A World Health Organization (WHO) expert group accepted a reduction in the incidence of high‐grade CIN (CIN2+) and cervical adenocarcinoma (AIS) or worse as an acceptable surrogate outcome of HPV vaccination trials, since the reduction of the incidence of invasive cervical cancer would require large and lengthy studies which are unlikely to be undertaken (Pagliusi 2004).

The low‐risk HPV types 6 and 11 cause approximately 90% of genital warts in women and men (Lacey 2006). They occur in low‐grade dysplastic cervical lesions but are not associated with cervical cancer (IARC 2007). Moreover, HPV types 6 and 11 cause recurrent respiratory papillomatosis, a rare but very serious disease of the upper airways often requiring repetitive surgical interventions (Lacey 2006).

The recognition of the strong causal association between HPV infection and cervical cancer has resulted in the development of HPV assays to detect cervical cancer precursors (Iftner 2003), and even vaccines that prevent HPV infection (prophylactic vaccines) or that treat HPV‐induced lesions (therapeutic vaccines) (Frazer 2004; Galloway 2003; Schneider 2003). Therapeutic vaccines are still in very early experimental phases and are not further considered in this review.

* Throughout this review, we will use the 2001 Bethesda System to define cytologically defined neoplastic lesions of the cervical epithelium (Solomon 2002) and the CIN nomenclature to define histologically confirmed cervical intraepithelial neoplasia (Richart 1973).

Burden of cervical cancer

Cervical cancer is the second most common cancer in women worldwide (Ferlay 2004). It is estimated that in 2002, approximately 493,000 women developed cervical cancer and that 273,000 died from the disease (Ferlay 2004).  Eighty‐three per cent of cervical cancer cases occur in developing countries. Cervical cancer is the predominant female cancer in Sub‐Saharan Africa, Central America and South‐Central Asia, where a woman's risk of developing this disease by age 65 years ranges between 2.1% and 3.2%. In many developed countries, the incidence of, and mortality from, squamous cervical cancer has dropped substantially over the last decades as a consequence of widespread screening (Arbyn 2009; Arbyn 2009a; Bray 2005a; IARC 2004).  For instance, In the USA and North and West‐Europe, the cumulative risk of cervix uteri cancer up to age 65 years is 0.7% or lower (Ferlay 2004).
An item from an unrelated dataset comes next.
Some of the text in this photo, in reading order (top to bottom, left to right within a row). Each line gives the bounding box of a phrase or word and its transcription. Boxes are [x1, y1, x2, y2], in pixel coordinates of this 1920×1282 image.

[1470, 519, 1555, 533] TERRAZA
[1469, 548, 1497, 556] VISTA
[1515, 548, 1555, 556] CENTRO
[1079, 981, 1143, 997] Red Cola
However, approximately 52,000 and 13,000 cases are reported each year in Europe and the USA, respectively (Ferlay 2004). Moreover, the incidence of adenocarcinoma of the cervix is less affected by cytological screening (Bray 2005; Smith 2000). In contrast to many other malignancies, cervical cancer primarily affects younger women, with the majority of cases appearing between the ages of 35 and 50 years (Yang 2004). In Europe, approximately 40% of women with cervical cancer die from the disease within five years of diagnosis (Sant 2009).
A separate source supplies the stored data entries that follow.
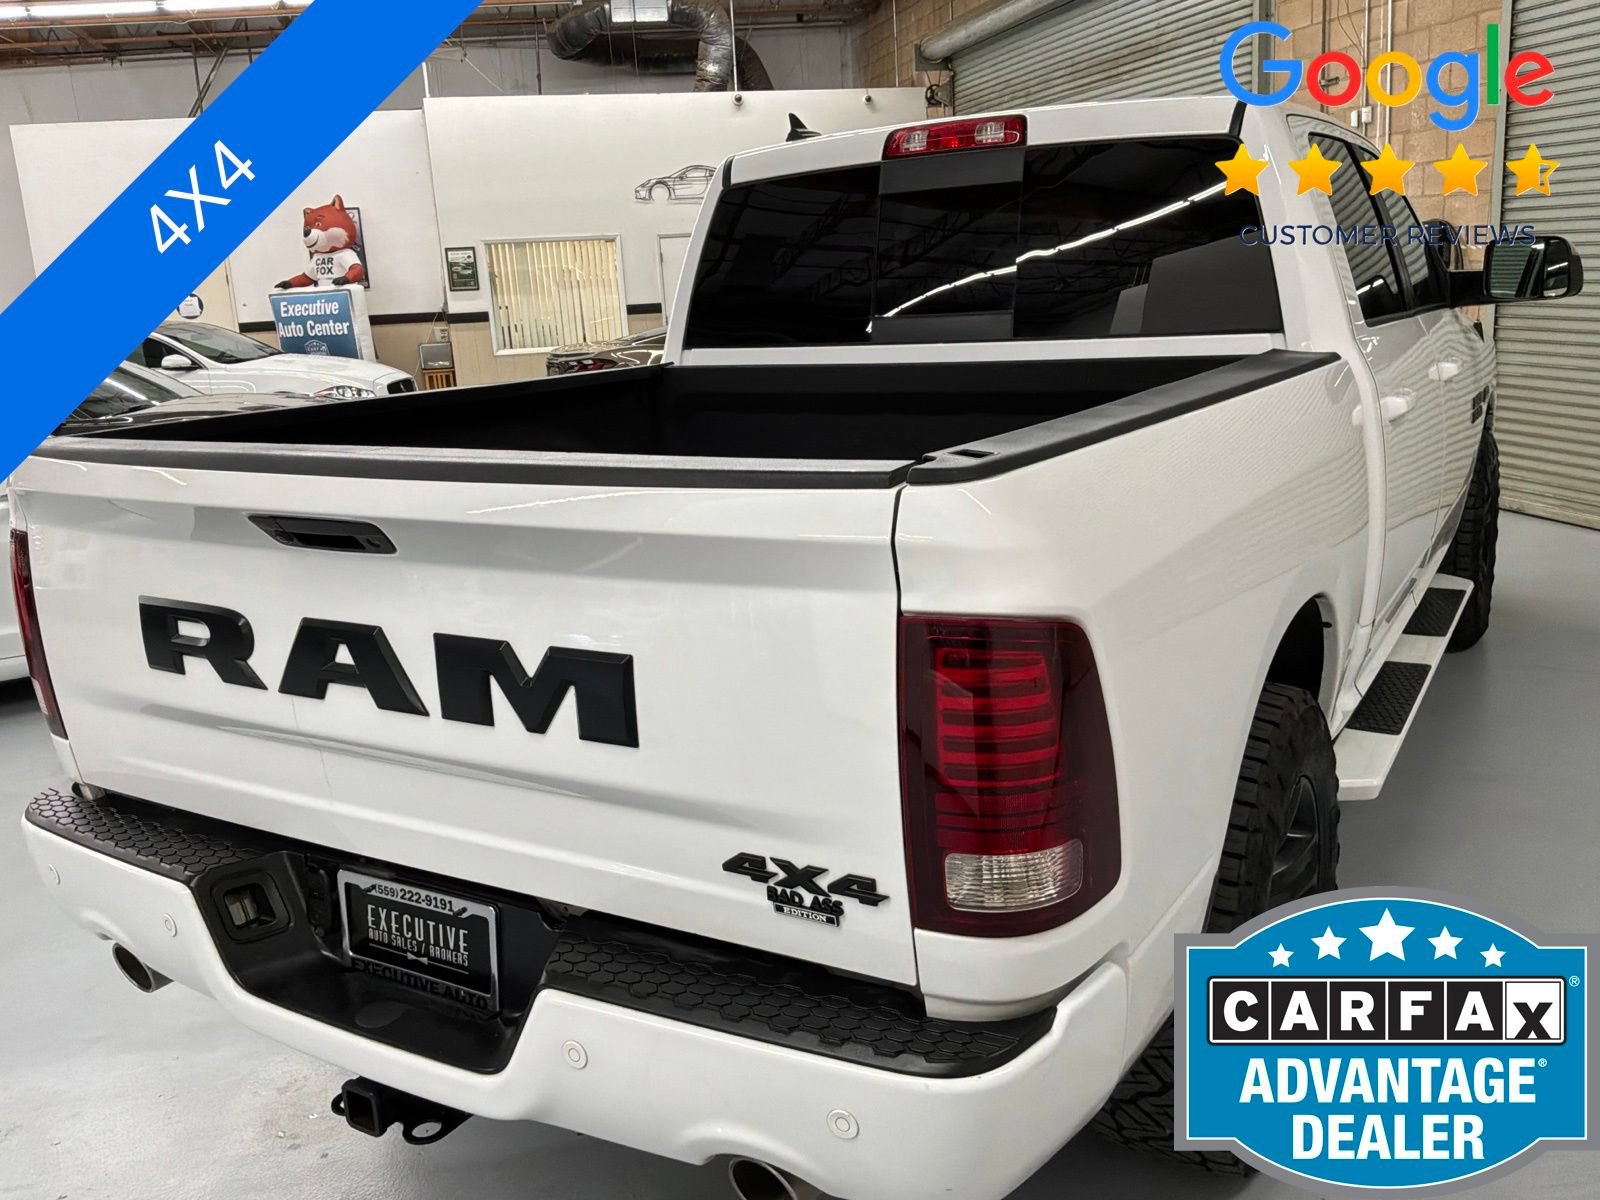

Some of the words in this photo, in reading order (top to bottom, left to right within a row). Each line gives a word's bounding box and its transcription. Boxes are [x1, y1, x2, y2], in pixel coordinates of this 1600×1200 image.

[315, 257, 335, 266] CAR
[315, 266, 335, 276] FOX
[280, 299, 339, 318] Executive
[278, 321, 304, 338] Auto
[306, 319, 350, 337] Center
[138, 595, 640, 748] RAM
[766, 885, 805, 907] BAD
[809, 895, 846, 917] ASS
[783, 906, 827, 923] EDITION
[367, 903, 469, 955] EXECUTIVE
[368, 928, 389, 944] AUTO
[391, 934, 418, 952] SALES
[429, 945, 470, 968] BROKERS
Description of the intervention

In this review, we will only study prophylactic HPV vaccines composed of virus‐like particles of the L1 protein, which is the major protein of the capsid of the HPV virus.
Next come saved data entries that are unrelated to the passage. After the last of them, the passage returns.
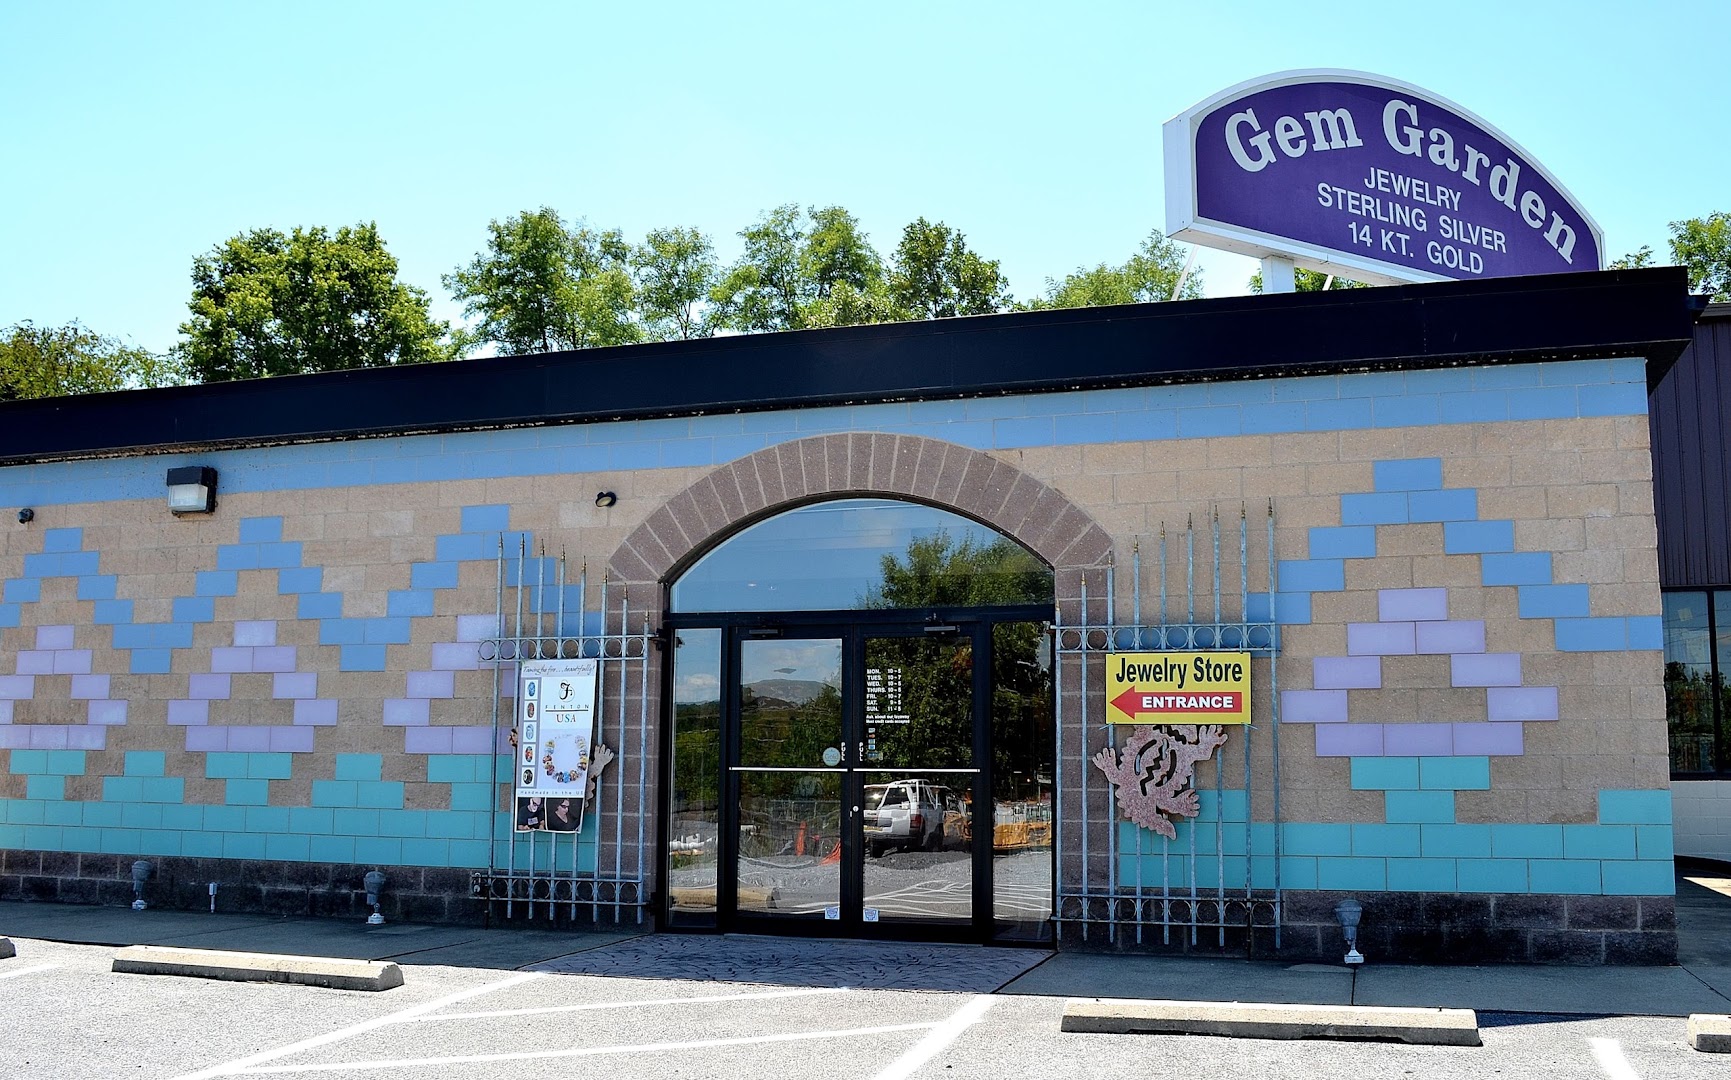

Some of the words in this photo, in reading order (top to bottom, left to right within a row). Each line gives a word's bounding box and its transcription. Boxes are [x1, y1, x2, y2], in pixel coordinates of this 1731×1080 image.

[1224, 107, 1363, 173] Gem
[1382, 99, 1579, 265] Garden
[1364, 166, 1462, 212] JEWELRY
[1317, 182, 1428, 232] STERLING
[1439, 215, 1507, 254] SILVER
[1347, 221, 1373, 248] 14
[1381, 231, 1414, 259] KT.
[1427, 243, 1484, 275] GOLD
[1115, 657, 1187, 689] Jewelry
[1193, 656, 1243, 683] Store
[556, 714, 576, 723] USA
[1142, 696, 1233, 708] ENTRANCE
To date, three prophylactic HPV vaccines have been developed and clinically evaluated in randomised controlled trials (RCTs): a monovalent HPV16 vaccine (manufactured by Merck, Sharpe & Dome (Merck),Whitehouse Station, NJ, USA); a quadrivalent vaccine, containing the L1 protein of HPV6, HPV11, HPV16 and HPV18 (Gardasil®, produced by the same manufacturer); and a bivalent vaccine containing L1 of HPV types 16 and 18 (Cervarix®, produced by GlaxoSmithKline (GSK), Rixensart, Belgium) (Koutsky 2002). The vaccine produced by Merck contains amorphous aluminium hydroxyphosphate sulphate as an adjuvant, whereas the GSK vaccine contains aluminium salt and ASO4 or monophosphoryl lipid A, which is an immunostimulating molecule (WHO 2009). More details about prophylactic HPV vaccines used are described in Appendix 1.

Animal experiments have shown that neutralising antibodies, elicited by vaccination with papillomavirus VLPs, prevent type‐specific infection and subsequent lesions after viral challenge (Breitburd 1995;Ghim 2000; Stanley 2006). Vaccination by intramuscular injection of L1 VLPs in humans has been demonstrated to be highly immunogenic and well‐tolerated in phase I trials. (Ault 2004; Brown 2001; Evans 2001; Harro 2001;).

Why it is important to do this review

Several phase II and III studies have been conducted to date and numerous reviews have tried to summarise the results (Arbyn 2007; Ault 2007; Harper 2009; Initiative 2009; Kahn 2009; Kjaer 2009; Koutsky 2006; Medeiros 2009; Rambout 2007; Szarewski 2010). However, none of the reviews combined information on all the available endpoints. This is due to incomplete reporting of data, use of different assays, analyses of different per protocol or intention‐to‐treat groups, outcome definitions, lumping of different outcomes, and reporting at variable time points in the scientific literature. Previous reports have also not comprehensively evaluated the impact of vaccination by fine categories of age and time since sexual debut, have not systematically evaluated evidence for cross‐protection against HPV types phylogenetically related to HPV‐16/18, and have not specifically addressed the question of whether vaccination protects against re‐infection among younger and older individuals known to be infected at vaccination and who subsequently clear their infections.  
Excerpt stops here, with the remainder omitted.